*** Opening PROVIDED DATA ***

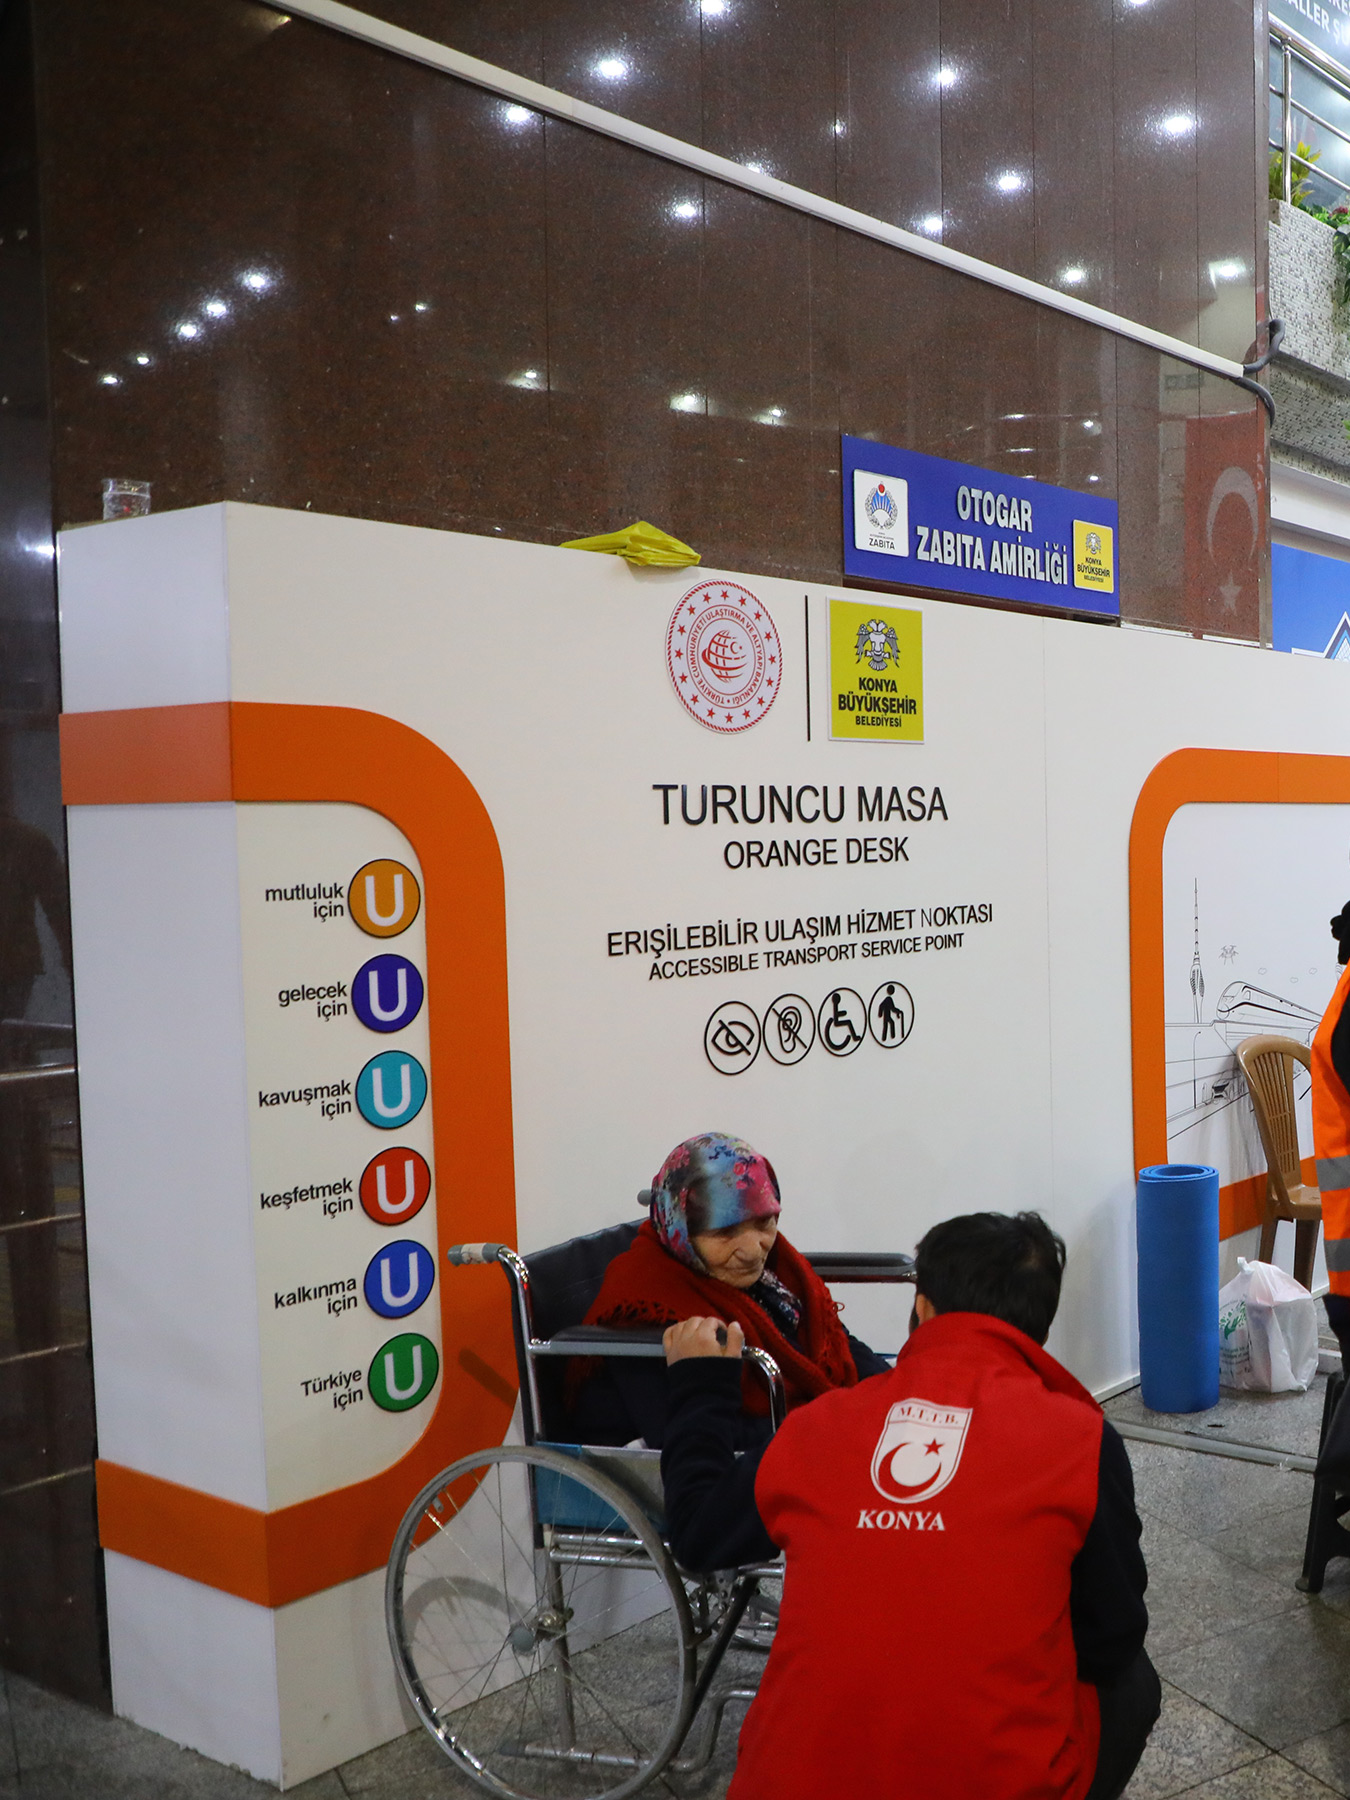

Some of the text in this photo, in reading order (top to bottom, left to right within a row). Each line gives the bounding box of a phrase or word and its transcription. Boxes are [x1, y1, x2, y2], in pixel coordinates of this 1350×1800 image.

[957, 485, 1033, 533] OTOGAR
[869, 538, 896, 550] ZABITA
[916, 525, 1068, 586] ZABITA AMİRLİĞİ
[746, 622, 755, 634] VE
[859, 677, 898, 693] KONYA
[838, 691, 917, 716] BÜYÜKŞEHİR
[855, 714, 902, 727] BELEDİYESİ
[652, 783, 949, 826] TURUNCU MASA
[723, 836, 910, 869] ORANGE DESK
[265, 882, 344, 902] mutluluk
[313, 901, 344, 923] için
[607, 903, 993, 959] ERIŞİLEBİLİR ULAŞIM HİZMET NOKTASI
[649, 933, 965, 981] ACCESSIBLE TRANSPORT SERVICE POINT
[278, 981, 348, 1008] gelecek
[317, 1000, 348, 1022] için
[259, 1079, 352, 1108] kavuşmak
[321, 1099, 352, 1121] için
[260, 1178, 353, 1210] keşfetmek
[323, 1197, 353, 1219] için
[274, 1278, 357, 1310] kalkınma
[327, 1295, 358, 1317] için
[300, 1369, 362, 1397] Türkiye
[333, 1388, 363, 1412] için
[856, 1509, 945, 1531] KONYA

*** Closing PROVIDED DATA ***

**PROMPT:** Every line above must appear in the answer unchanged, and no picture may appear in it.

**TASK SOLUTION:**
Some of the text in this photo, in reading order (top to bottom, left to right within a row). Each line gives the bounding box of a phrase or word and its transcription. Boxes are [x1, y1, x2, y2], in pixel coordinates of this 1350×1800 image.

[957, 485, 1033, 533] OTOGAR
[869, 538, 896, 550] ZABITA
[916, 525, 1068, 586] ZABITA AMİRLİĞİ
[746, 622, 755, 634] VE
[859, 677, 898, 693] KONYA
[838, 691, 917, 716] BÜYÜKŞEHİR
[855, 714, 902, 727] BELEDİYESİ
[652, 783, 949, 826] TURUNCU MASA
[723, 836, 910, 869] ORANGE DESK
[265, 882, 344, 902] mutluluk
[313, 901, 344, 923] için
[607, 903, 993, 959] ERIŞİLEBİLİR ULAŞIM HİZMET NOKTASI
[649, 933, 965, 981] ACCESSIBLE TRANSPORT SERVICE POINT
[278, 981, 348, 1008] gelecek
[317, 1000, 348, 1022] için
[259, 1079, 352, 1108] kavuşmak
[321, 1099, 352, 1121] için
[260, 1178, 353, 1210] keşfetmek
[323, 1197, 353, 1219] için
[274, 1278, 357, 1310] kalkınma
[327, 1295, 358, 1317] için
[300, 1369, 362, 1397] Türkiye
[333, 1388, 363, 1412] için
[856, 1509, 945, 1531] KONYA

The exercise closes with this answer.